Task to complete
Set down the data below in full, exactly as it reads, but without the pictures.

------ Records for processing ------

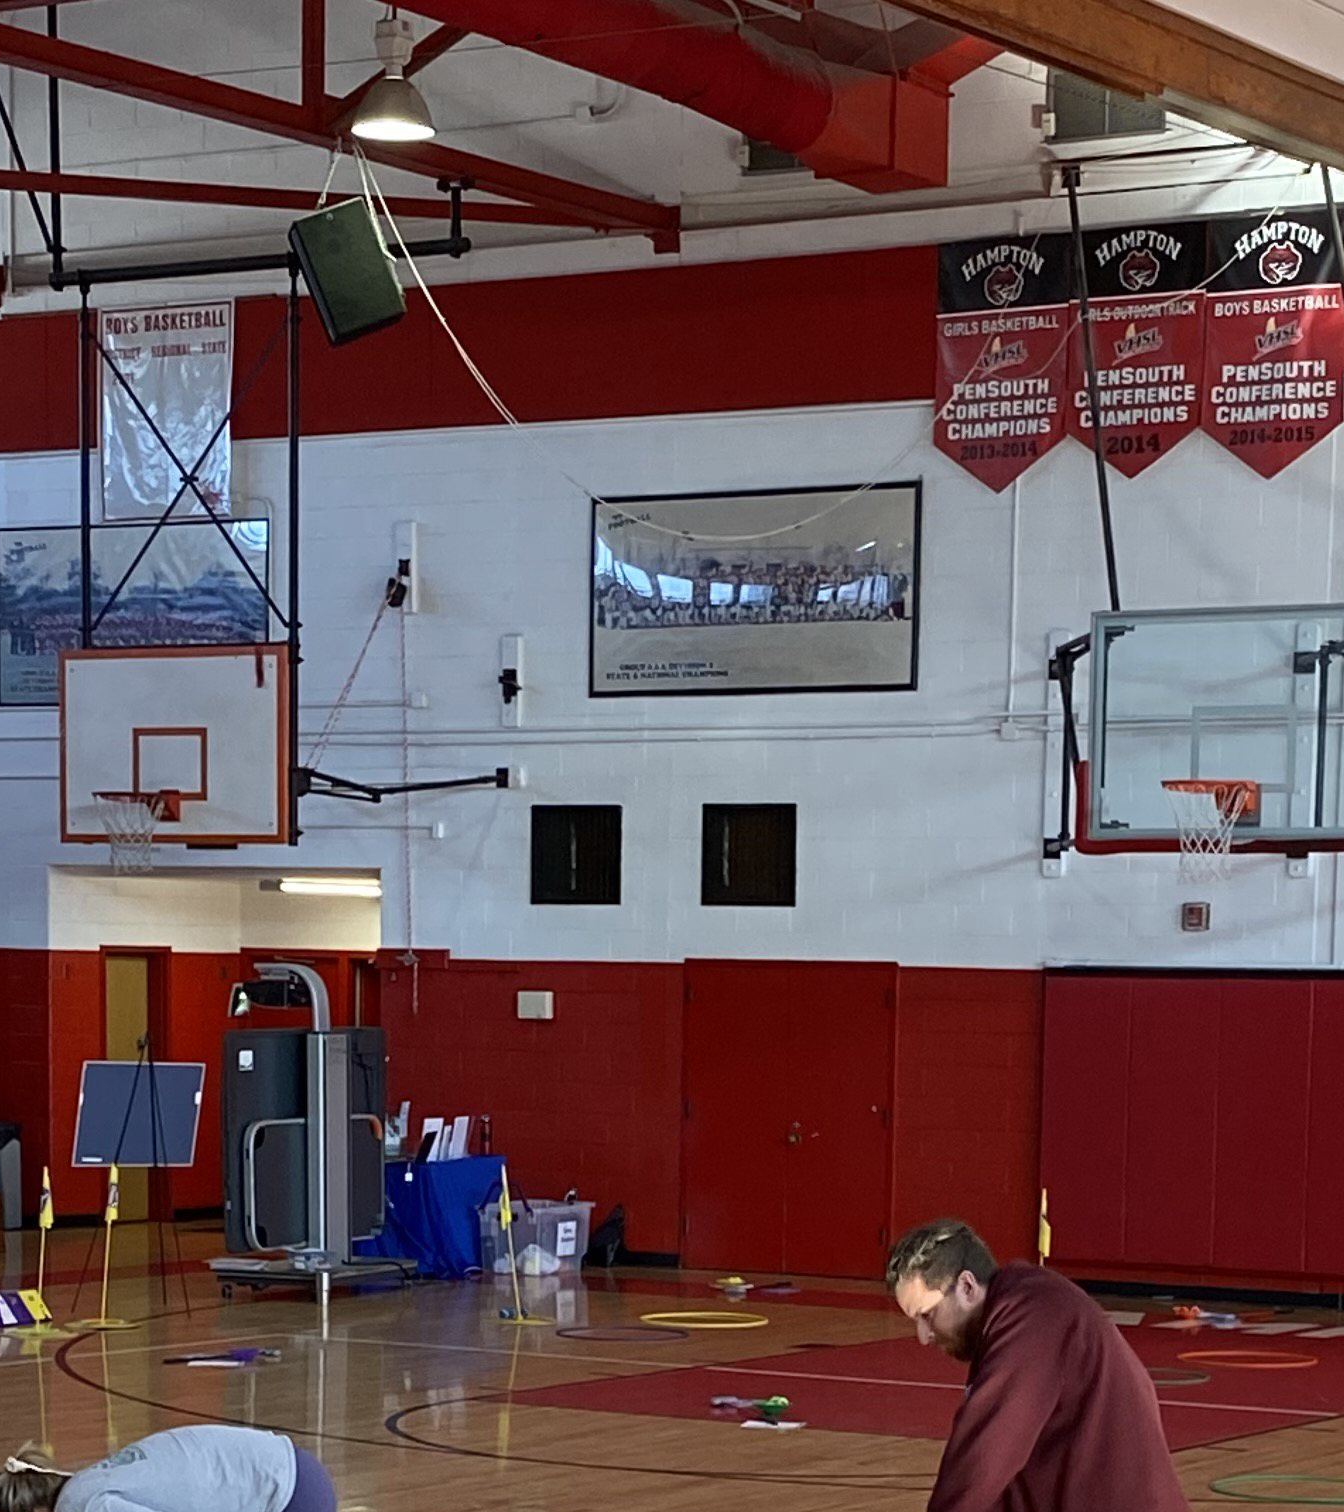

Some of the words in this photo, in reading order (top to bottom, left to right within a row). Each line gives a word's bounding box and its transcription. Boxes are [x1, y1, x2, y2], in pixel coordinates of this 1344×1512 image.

[1095, 229, 1182, 267] HAMPTON
[1234, 221, 1325, 260] HAMPTON
[961, 245, 1045, 282] HAMPTON
[1214, 301, 1250, 317] BOYS
[1253, 294, 1340, 314] BASKETBALL
[105, 316, 139, 335] BOYS
[144, 309, 227, 333] BASKETBALL
[944, 321, 979, 337] GIRLS
[981, 315, 1060, 334] BASKETBALL
[1222, 360, 1326, 383] PENSOUTH
[953, 378, 1049, 401] PENSOUTH
[1074, 384, 1196, 408] CNFERENCE
[1210, 380, 1337, 404] CONFERENCE
[942, 397, 1058, 421] CONFERENCE
[1216, 402, 1330, 425] CHAMPIONS
[947, 417, 1052, 440] CHAMPIONS
[1229, 425, 1315, 446] 2014-2015
[960, 440, 1038, 461] 2013-2014
[1106, 433, 1161, 455] 2014

------

Output of the task
Some of the words in this photo, in reading order (top to bottom, left to right within a row). Each line gives a word's bounding box and its transcription. Boxes are [x1, y1, x2, y2], in pixel coordinates of this 1344×1512 image.

[1095, 229, 1182, 267] HAMPTON
[1234, 221, 1325, 260] HAMPTON
[961, 245, 1045, 282] HAMPTON
[1214, 301, 1250, 317] BOYS
[1253, 294, 1340, 314] BASKETBALL
[105, 316, 139, 335] BOYS
[144, 309, 227, 333] BASKETBALL
[944, 321, 979, 337] GIRLS
[981, 315, 1060, 334] BASKETBALL
[1222, 360, 1326, 383] PENSOUTH
[953, 378, 1049, 401] PENSOUTH
[1074, 384, 1196, 408] CNFERENCE
[1210, 380, 1337, 404] CONFERENCE
[942, 397, 1058, 421] CONFERENCE
[1216, 402, 1330, 425] CHAMPIONS
[947, 417, 1052, 440] CHAMPIONS
[1229, 425, 1315, 446] 2014-2015
[960, 440, 1038, 461] 2013-2014
[1106, 433, 1161, 455] 2014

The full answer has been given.